The novel is already written, and it is good!

Many people are familiar with L.M. Montgomery's works, if not with the author herself, for 'Anne of Green Gables' is almost as classic a novel as 'Pride and Prejudice,' and the television adaptations have their own place in many hearts around the globe even if they've never read the books.  While I love the Anne books, to paraphrase a character in 'Anne's House of Dreams,' in referring to her own childhood sorrows compared to the more tragic life of another character, "your own unhappiness is only that of a child with no one to love them."  At first it seems an odd thing to say, for is not sorrow and misery, especially in children, an abhorrent thing no matter what?  What matter degrees?, but as some theorize that there are seven circles of Hell, I have come to realize she is right.  Yes, Anne has a rough start, a very unhappy and friendless early life, but she knows that, and while tragic, a mind can eventually wrap itself around that and come to peace with itself.  Anne has dwelt in the first or second circle of Hell, certainly, but eventually she does find love and acceptance and Home.

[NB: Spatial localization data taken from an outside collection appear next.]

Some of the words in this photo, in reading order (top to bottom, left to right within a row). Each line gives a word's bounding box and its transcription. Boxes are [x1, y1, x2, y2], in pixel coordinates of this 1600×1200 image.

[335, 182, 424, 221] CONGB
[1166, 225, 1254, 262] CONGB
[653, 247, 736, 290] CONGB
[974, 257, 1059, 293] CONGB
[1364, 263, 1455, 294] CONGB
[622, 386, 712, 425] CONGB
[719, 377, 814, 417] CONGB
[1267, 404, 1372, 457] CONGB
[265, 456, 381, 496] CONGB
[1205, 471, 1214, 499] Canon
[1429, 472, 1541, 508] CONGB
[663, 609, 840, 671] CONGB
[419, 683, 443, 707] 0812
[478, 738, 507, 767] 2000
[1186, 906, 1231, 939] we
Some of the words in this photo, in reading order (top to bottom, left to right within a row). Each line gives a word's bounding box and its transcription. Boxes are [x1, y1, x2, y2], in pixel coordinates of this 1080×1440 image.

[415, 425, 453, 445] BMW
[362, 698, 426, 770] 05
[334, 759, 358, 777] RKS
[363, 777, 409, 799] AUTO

I have long theorized that the Bronte sisters and Jane Austen are very familiar with what we now call narcissistic personality disorder because of certain characters in their novels, but Montgomery had hitherto stumped me, she wrote as one who might be familiar with the topic, especially in the above mentioned book there is certainly a character that seems thus afflicted, but then again, Anne and 'Emily of New Moon,' while certainly having tragic beginnings, were not themselves raised or significantly influenced by such a personality.  Then I reread The Blue Castle, and I had no more doubts, though I'm beginning to wonder if all the great classical authoresses have been significantly impacted by a narcissist?

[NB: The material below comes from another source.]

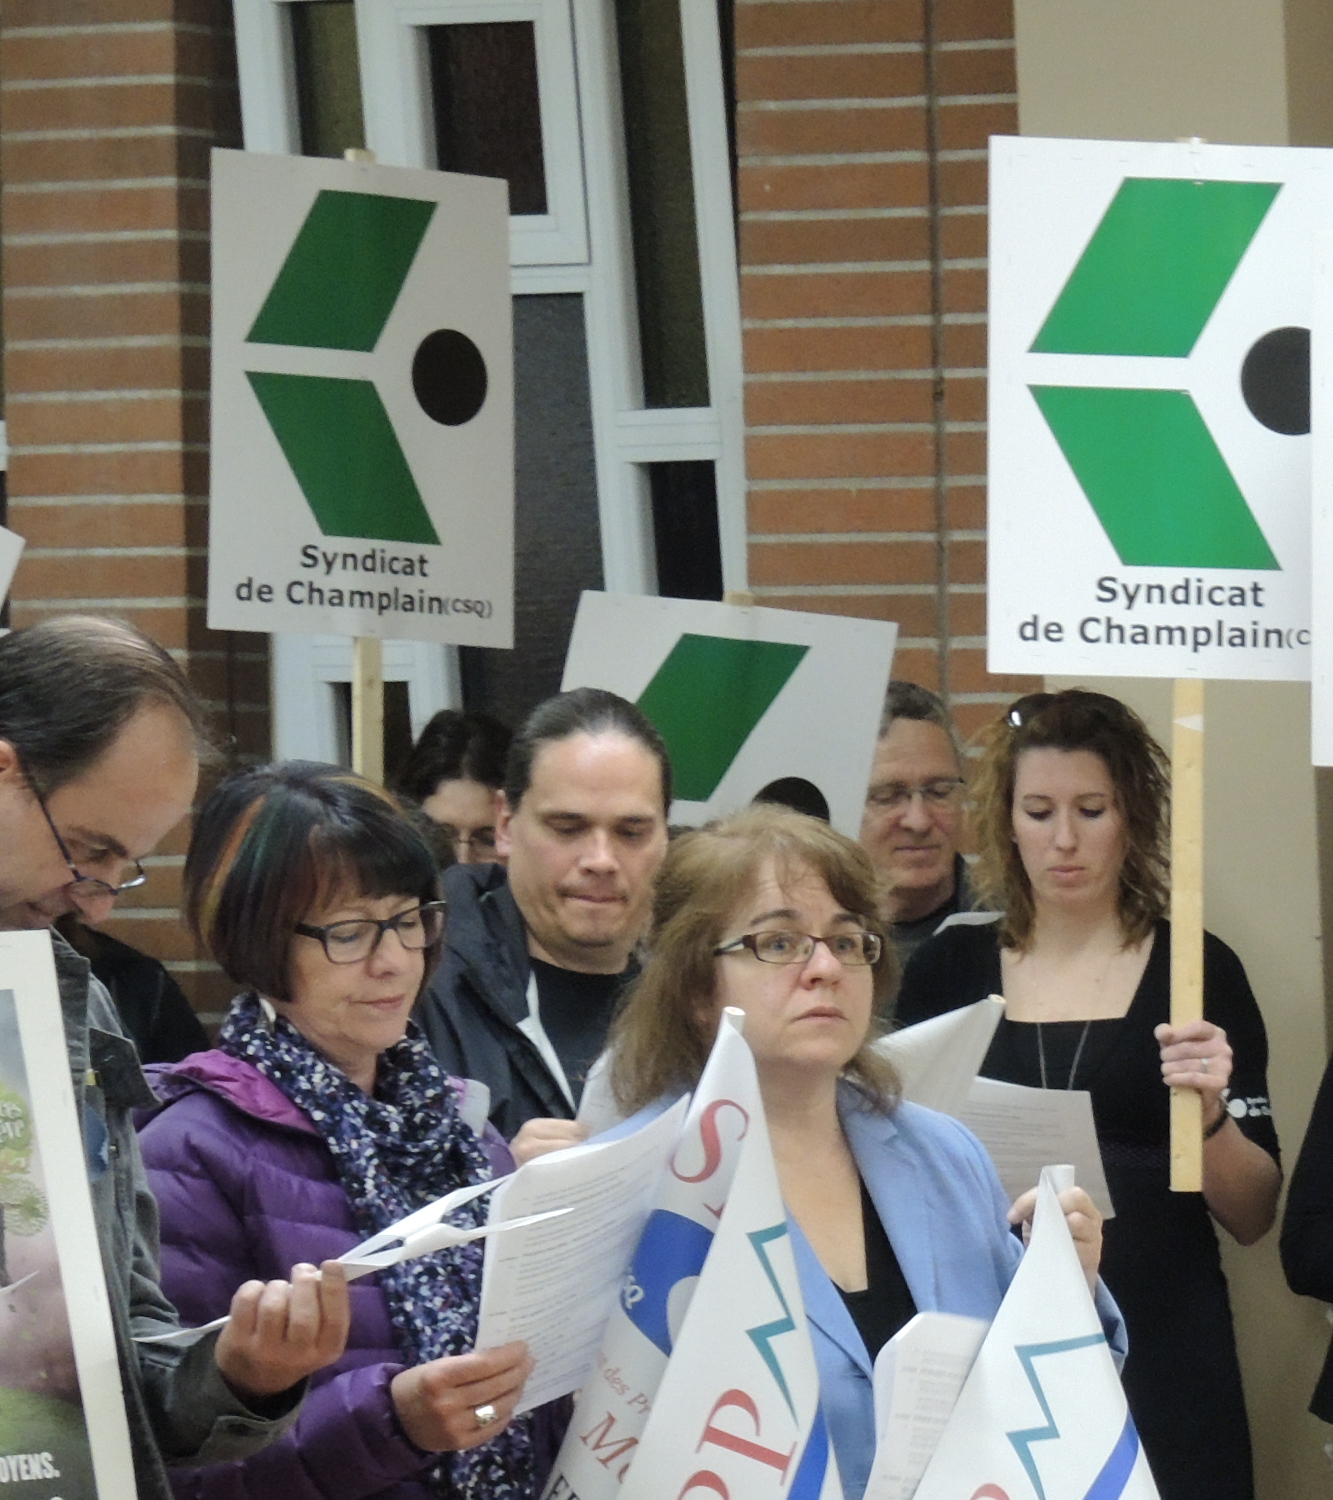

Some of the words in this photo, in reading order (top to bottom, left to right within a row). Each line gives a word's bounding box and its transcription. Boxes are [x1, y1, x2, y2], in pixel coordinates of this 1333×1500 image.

[301, 544, 429, 577] Syndicat
[236, 577, 274, 602] de
[1096, 576, 1265, 609] Syndicat
[1019, 615, 1065, 642] de

While we see a little of what it is to be raised by a narcissist in 'Jane Eyre,' it is rather a brief glimpse. The Blue Castle takes a good long look at the subject and even includes a look at the extended family.  But then it moves on to the inward struggles of recovery from narcissistic abuse and even examines the mindset of the victim after she has been freed, as she wonders that anyone could actually loves her.  Some people reading this book might wonder at the idea of anyone having such a wretched, drab existence (I cannot call it a life) and think it all fancy, but there are others, like me, who will identify with the main character so much that she could be a long lost sister, and rejoice and cry by turns, or perhaps, gain hope and confidence that they are not crazy or alone in their struggles and that there is hope even for them.  I've wanted to write a novel like this, but happily I don't have to.  Montgomery's lesser known novel is an excellent read in itself, but particularly for those who suspect or are struggling with these issues, it offers a source of hope in a world that often thinks us mad in saying that our own mothers could be so awful.  I can stick with my paltry little fairytales as Montgomery has already written a veritable fairy tale upon the subject.

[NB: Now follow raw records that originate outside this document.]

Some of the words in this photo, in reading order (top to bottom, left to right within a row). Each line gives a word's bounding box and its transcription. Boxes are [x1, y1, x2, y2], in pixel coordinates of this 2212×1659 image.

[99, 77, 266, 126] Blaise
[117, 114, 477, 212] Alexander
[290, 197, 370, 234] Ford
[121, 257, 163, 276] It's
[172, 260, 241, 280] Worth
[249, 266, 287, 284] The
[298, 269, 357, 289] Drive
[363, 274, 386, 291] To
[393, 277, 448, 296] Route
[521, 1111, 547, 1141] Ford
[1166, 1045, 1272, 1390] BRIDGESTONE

As to Anne's conundrum of her sad childhood, what could be worse than no one to love you?  Growing up unloved but not even knowing it, for the word and concept are so twisted and tortured that the child has no concept of what it truly is or means, perhaps they believe they will be loved when they do something to deserve it (not that they ever will) or perhaps they hate themselves for being so awful their parent(s) can't love them.  One can live with the truth of not being loved, but when one thinks one is loved (or will be under the right circumstances) and that is not true, that is the very definition of the seventh circle of Hell: to think one walks in Eden only to find oneself a resident of Hell, where hatred, indifference, and manipulation are called love, and Love itself is a concept beyond finding out or understanding.  But Montgomery does an excellent job of showing the conditions of such a wretched life but also the hope of healing and happiness if one is willing to address them.  It's an enchanting tale, and maybe it will help you or someone you know discover that they can have life and love indeed!